SUPPLIED MATERIAL:
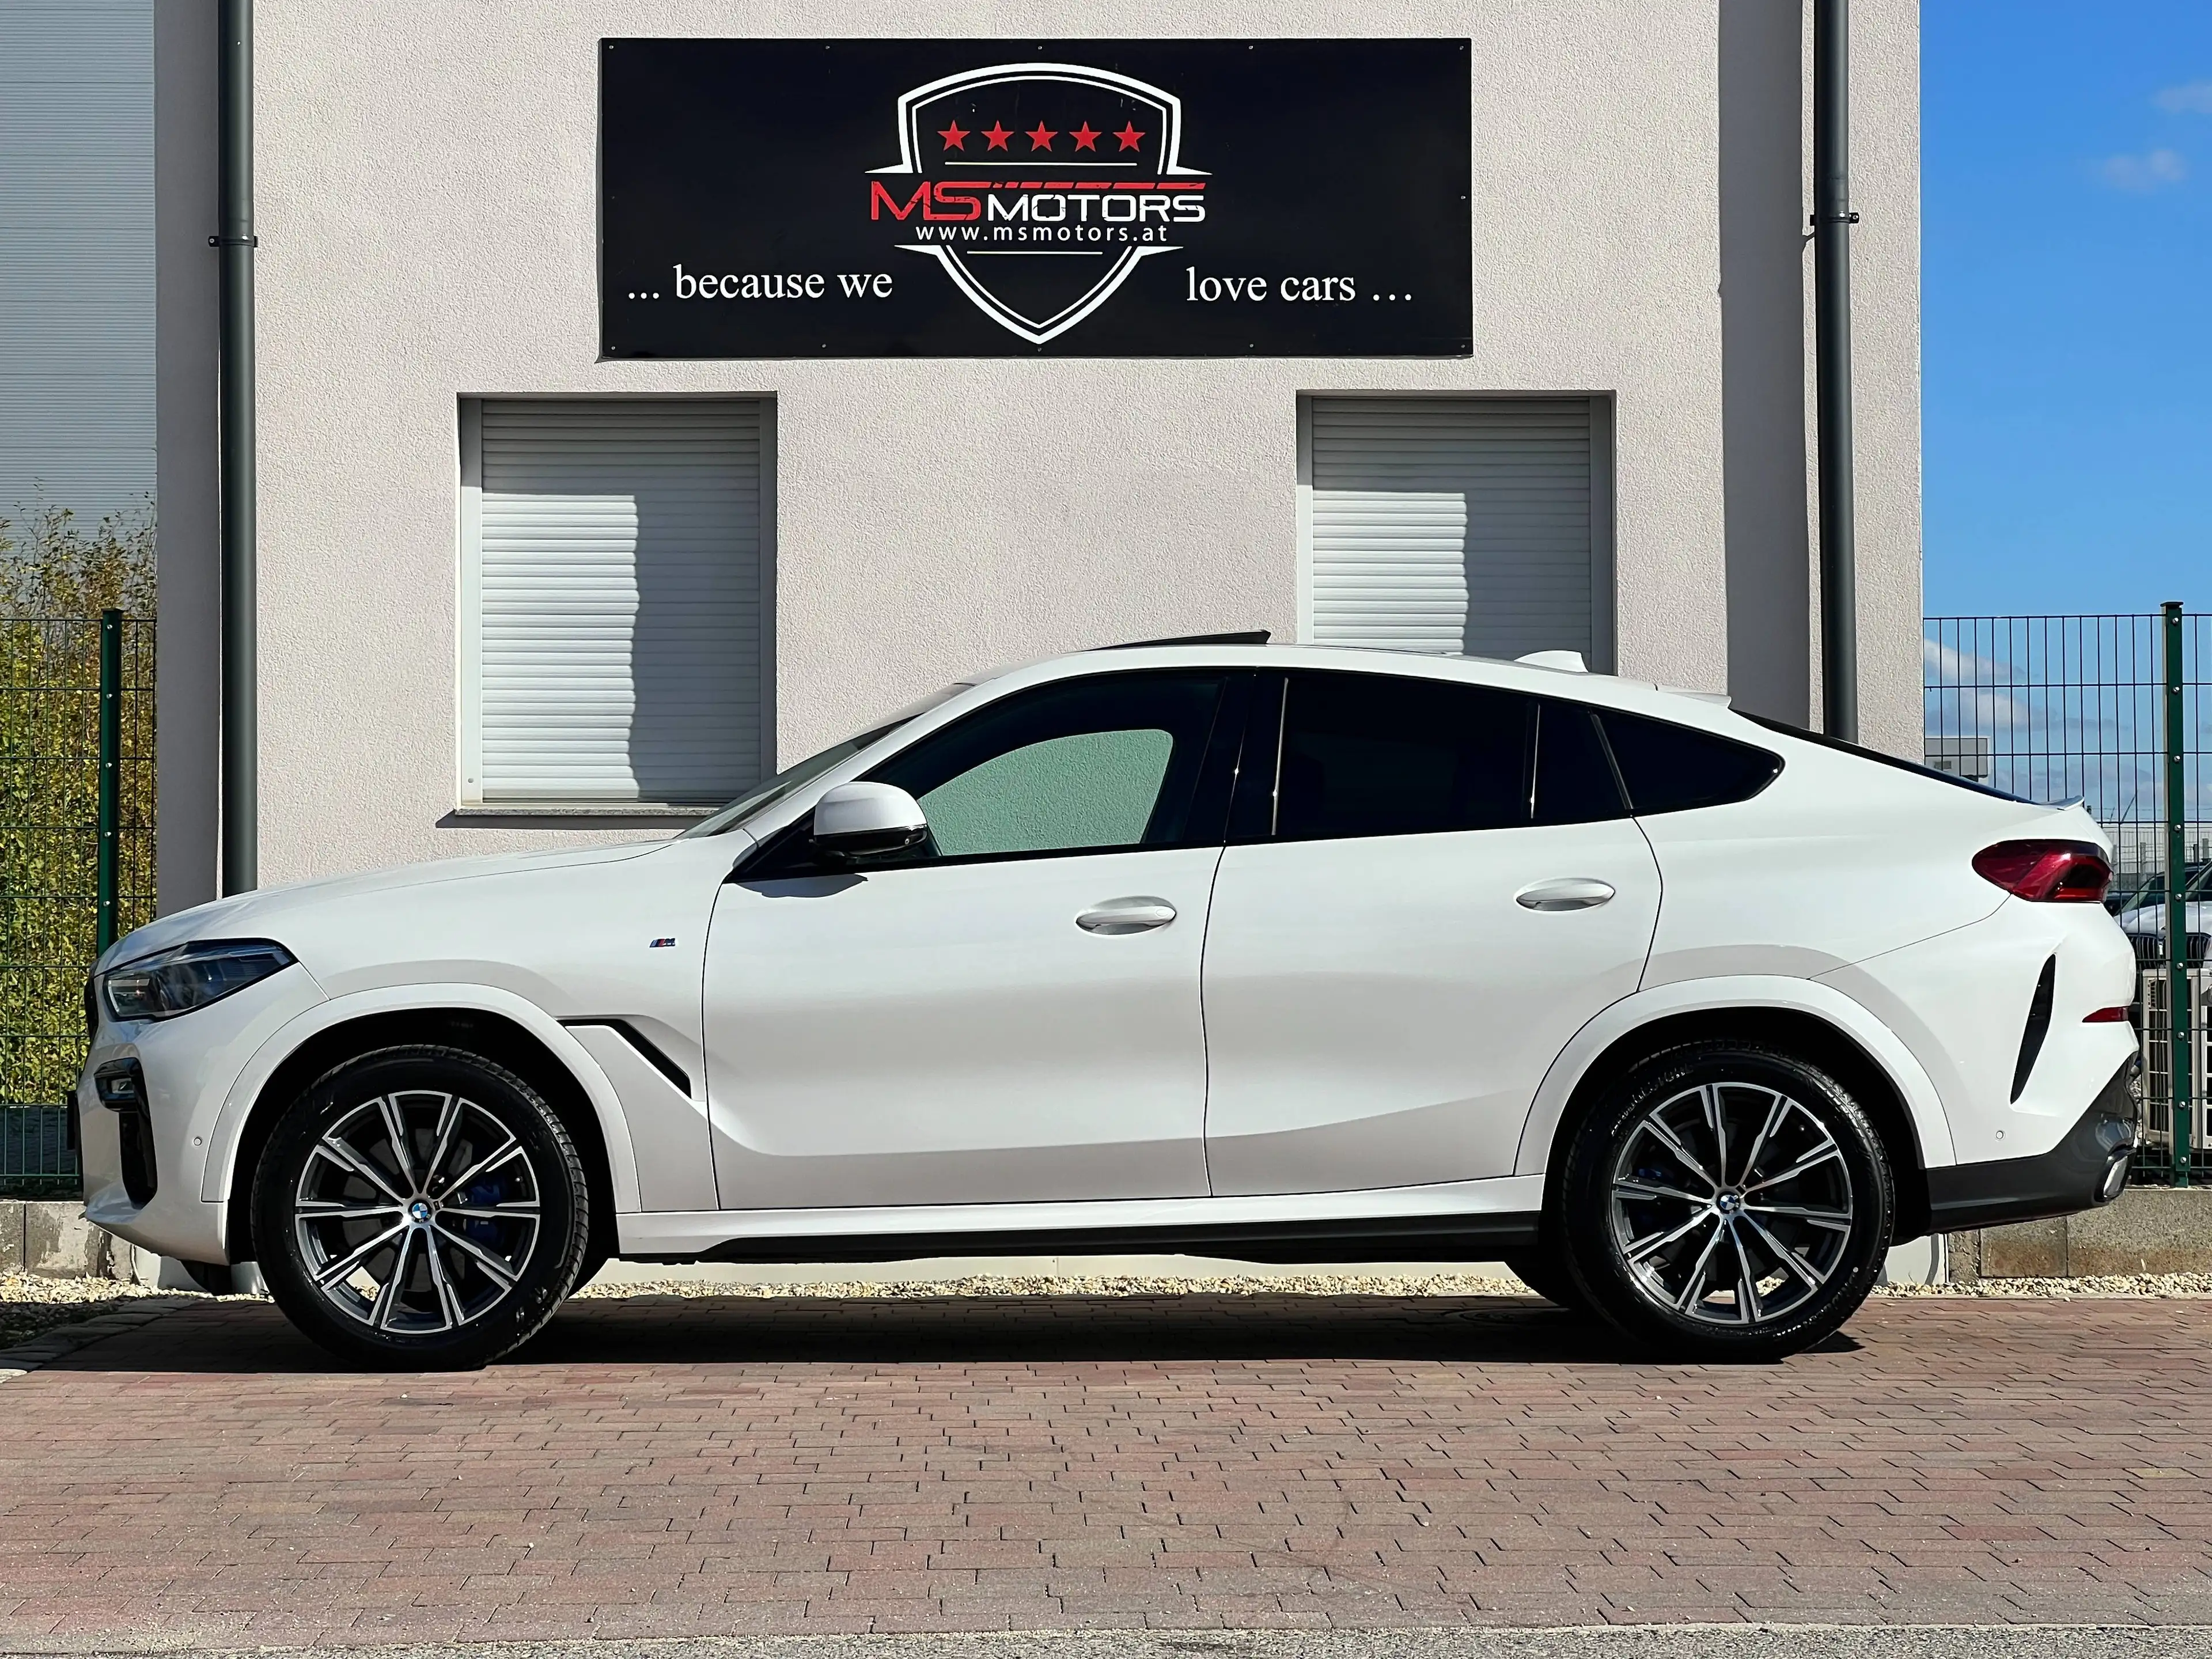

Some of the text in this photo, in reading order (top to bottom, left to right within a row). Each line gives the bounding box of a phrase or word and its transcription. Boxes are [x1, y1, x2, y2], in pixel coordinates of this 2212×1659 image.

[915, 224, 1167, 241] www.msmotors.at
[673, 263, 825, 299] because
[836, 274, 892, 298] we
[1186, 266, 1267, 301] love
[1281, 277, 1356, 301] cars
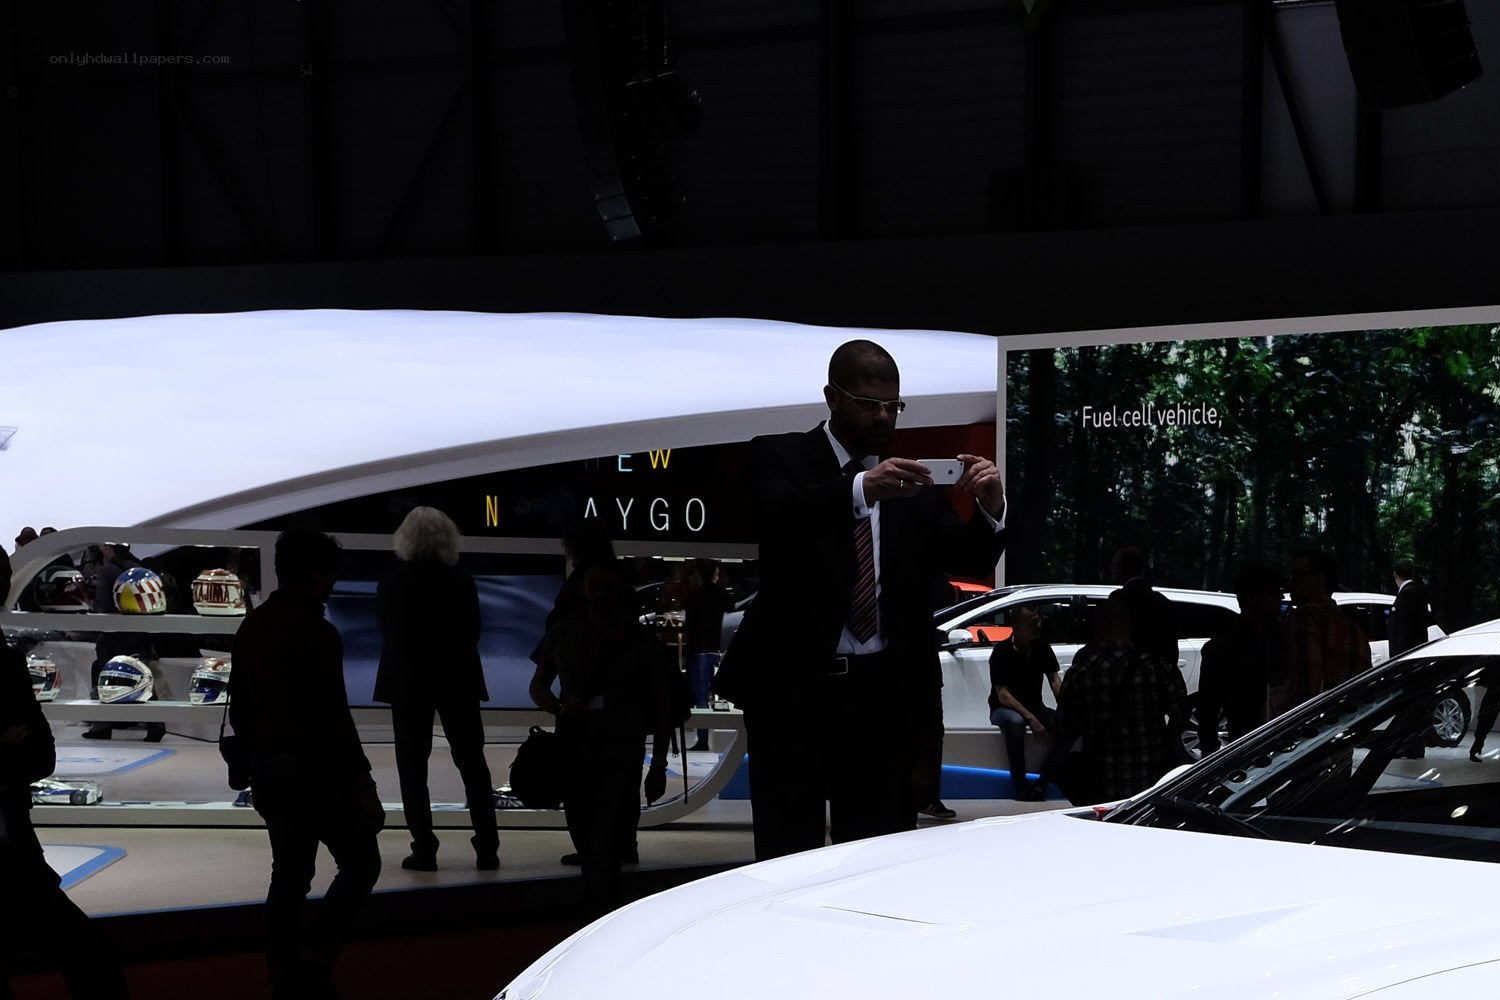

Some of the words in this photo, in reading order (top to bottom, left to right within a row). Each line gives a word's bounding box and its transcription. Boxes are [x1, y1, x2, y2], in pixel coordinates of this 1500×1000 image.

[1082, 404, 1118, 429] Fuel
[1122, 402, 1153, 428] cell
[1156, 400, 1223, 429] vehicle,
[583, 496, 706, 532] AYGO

TASK: Please return exactly the lines that run from the line with "Some of the words" through the end of the records above, both included, and nothing more.

TASK OUTPUT:
Some of the words in this photo, in reading order (top to bottom, left to right within a row). Each line gives a word's bounding box and its transcription. Boxes are [x1, y1, x2, y2], in pixel coordinates of this 1500×1000 image.

[1082, 404, 1118, 429] Fuel
[1122, 402, 1153, 428] cell
[1156, 400, 1223, 429] vehicle,
[583, 496, 706, 532] AYGO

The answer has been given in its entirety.